What you will do:
Copy each entry below unchanged; the images do not go in the copy.

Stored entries
[Start of Attachment]
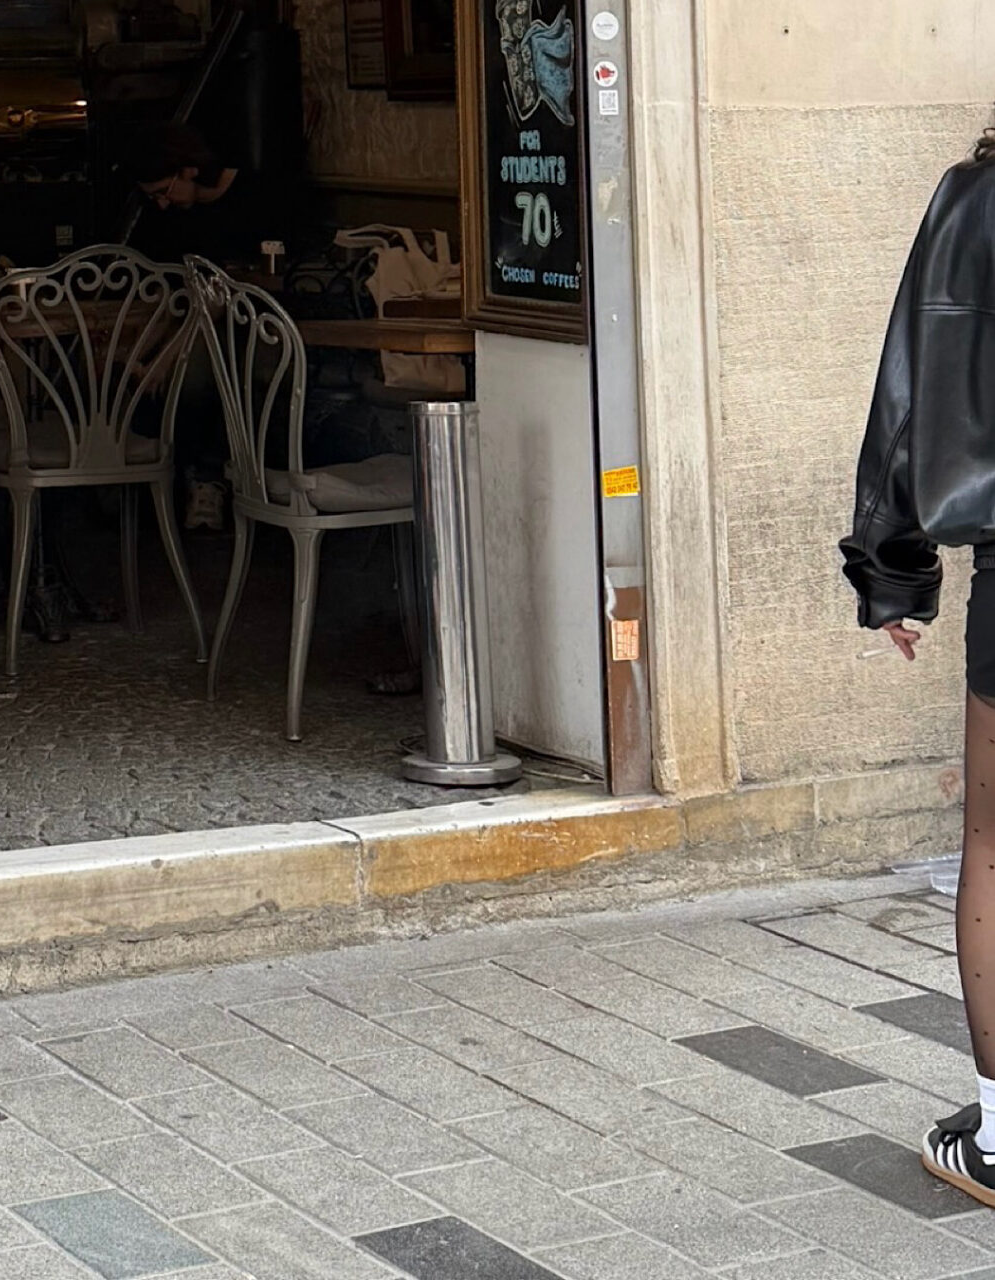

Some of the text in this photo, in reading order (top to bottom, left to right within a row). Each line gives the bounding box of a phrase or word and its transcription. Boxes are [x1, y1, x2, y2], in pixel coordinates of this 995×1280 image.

[519, 129, 541, 151] FOR
[500, 155, 566, 186] STUDENTS
[515, 191, 552, 248] 70
[501, 265, 535, 283] CHOSEN
[End of Attachment]
The completed task:
Some of the text in this photo, in reading order (top to bottom, left to right within a row). Each line gives the bounding box of a phrase or word and its transcription. Boxes are [x1, y1, x2, y2], in pixel coordinates of this 995×1280 image.

[519, 129, 541, 151] FOR
[500, 155, 566, 186] STUDENTS
[515, 191, 552, 248] 70
[501, 265, 535, 283] CHOSEN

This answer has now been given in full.